→ **Task to complete**
Your job is to return each record exactly, minus any pictures.

--- --- ---

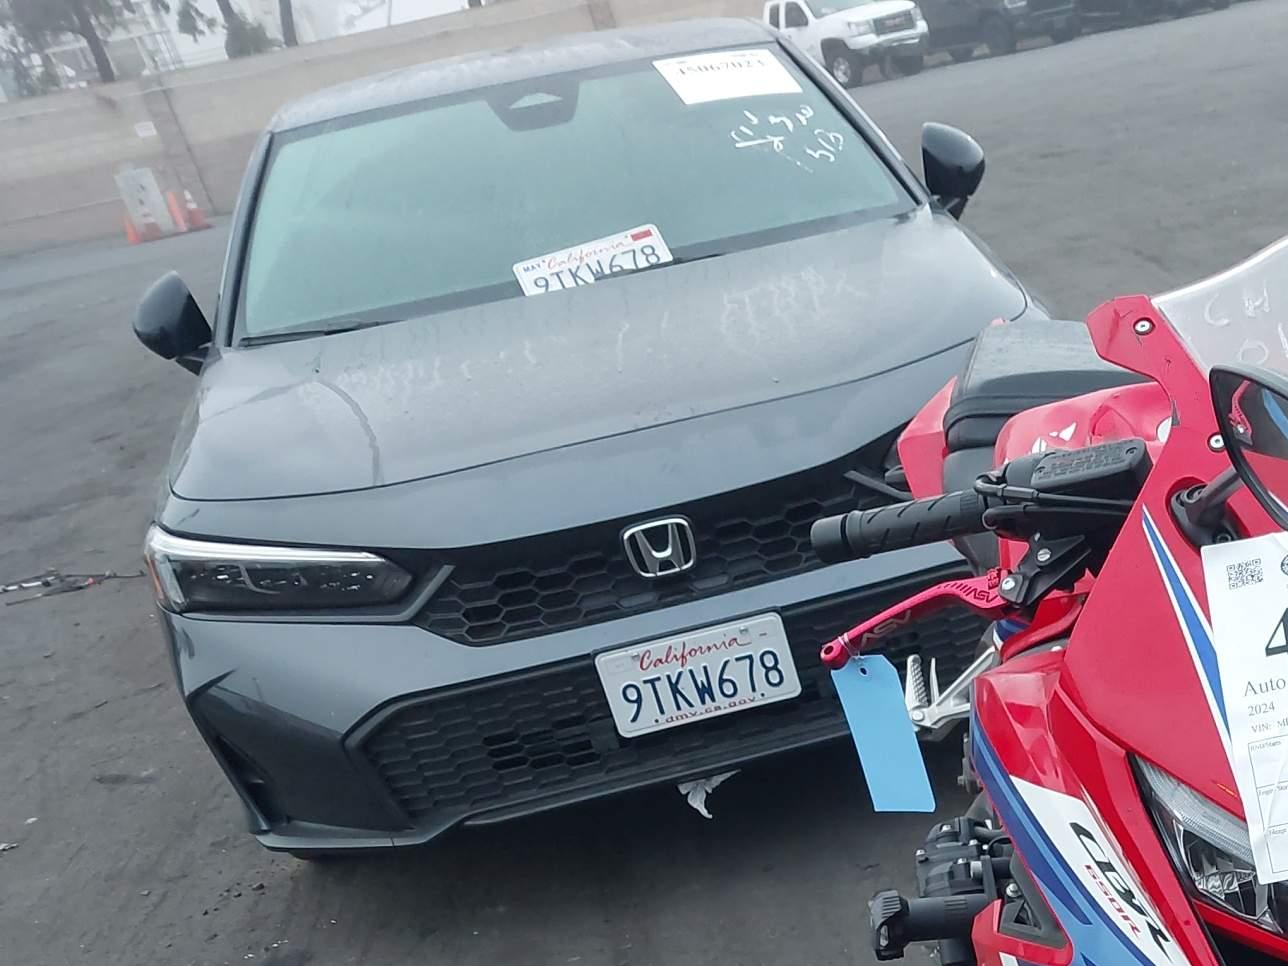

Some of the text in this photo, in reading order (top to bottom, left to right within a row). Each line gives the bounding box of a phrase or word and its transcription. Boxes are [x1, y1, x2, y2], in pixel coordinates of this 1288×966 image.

[547, 240, 625, 271] California
[639, 636, 753, 671] California
[622, 650, 785, 723] 9TKW678
[1244, 677, 1286, 697] Auto
[665, 696, 756, 724] dmv.ca.gov
[1248, 701, 1275, 716] 2024
[1251, 723, 1272, 734] VIN:
[1069, 822, 1174, 964] CBR
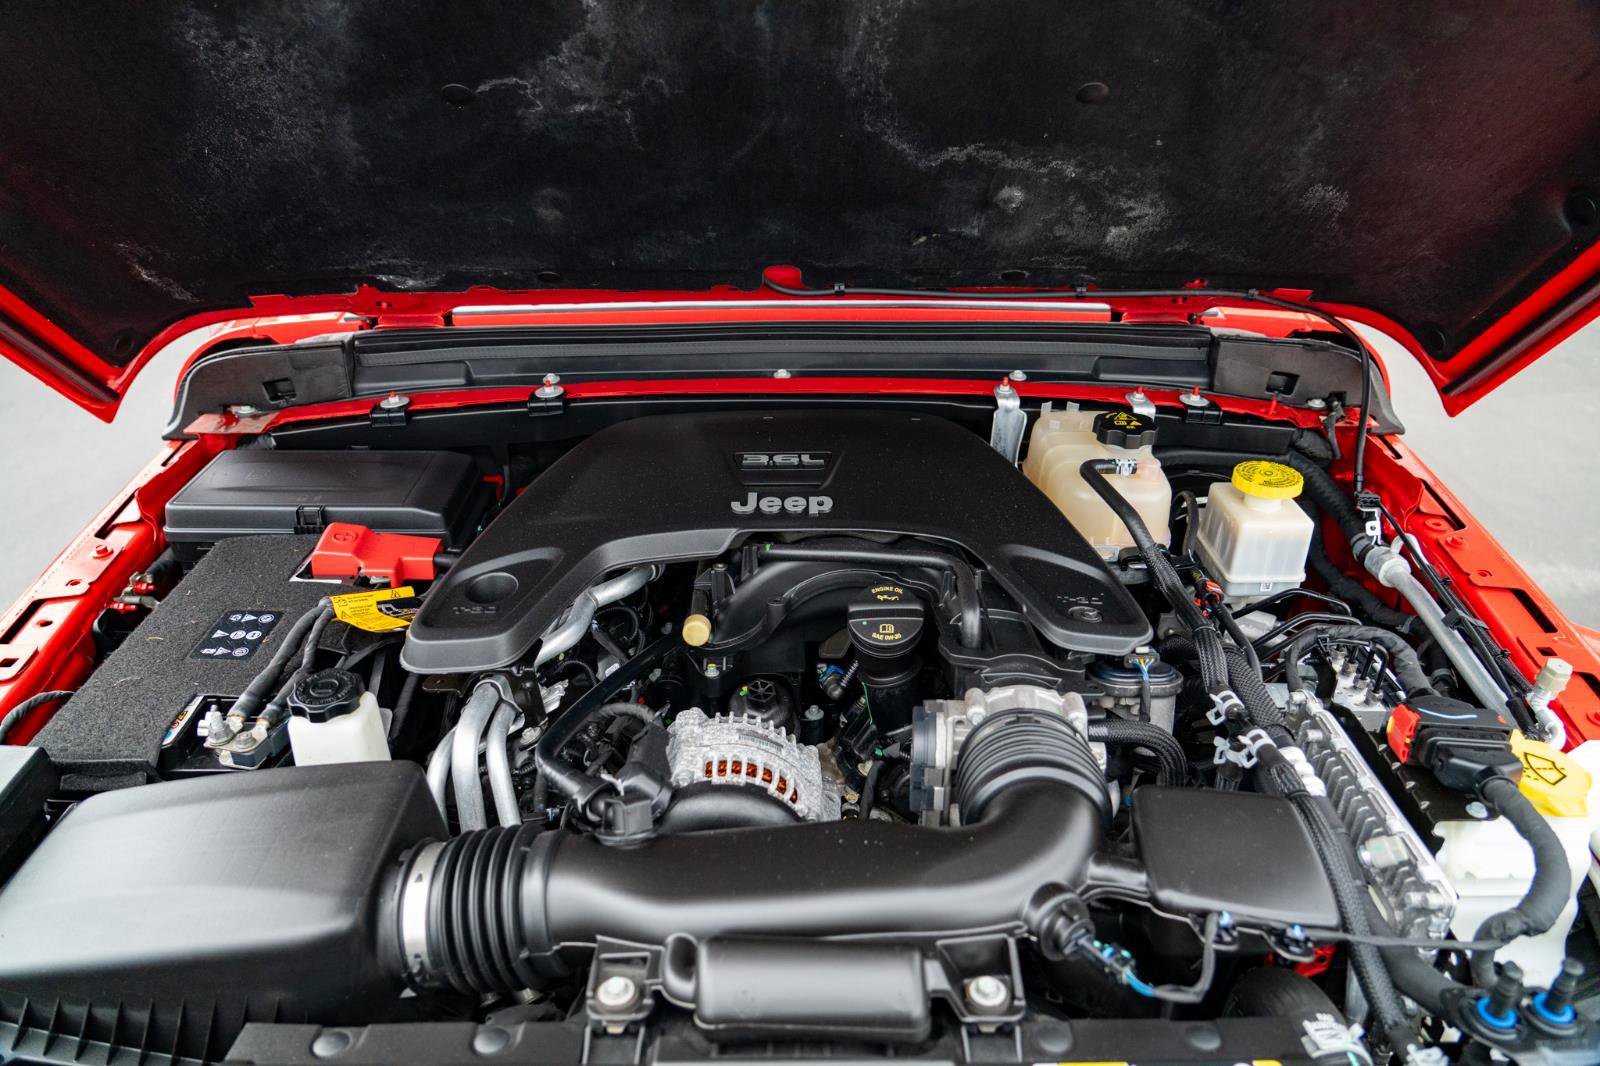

--- --- ---

→ **Exercise answer**
Some of the text in this photo, in reading order (top to bottom, left to right within a row). Each line gives the bounding box of a phrase or word and its transcription. Boxes are [x1, y1, x2, y2], in pixel coordinates of this 1288×966 image.

[547, 240, 625, 271] California
[639, 636, 753, 671] California
[622, 650, 785, 723] 9TKW678
[1244, 677, 1286, 697] Auto
[665, 696, 756, 724] dmv.ca.gov
[1248, 701, 1275, 716] 2024
[1251, 723, 1272, 734] VIN:
[1069, 822, 1174, 964] CBR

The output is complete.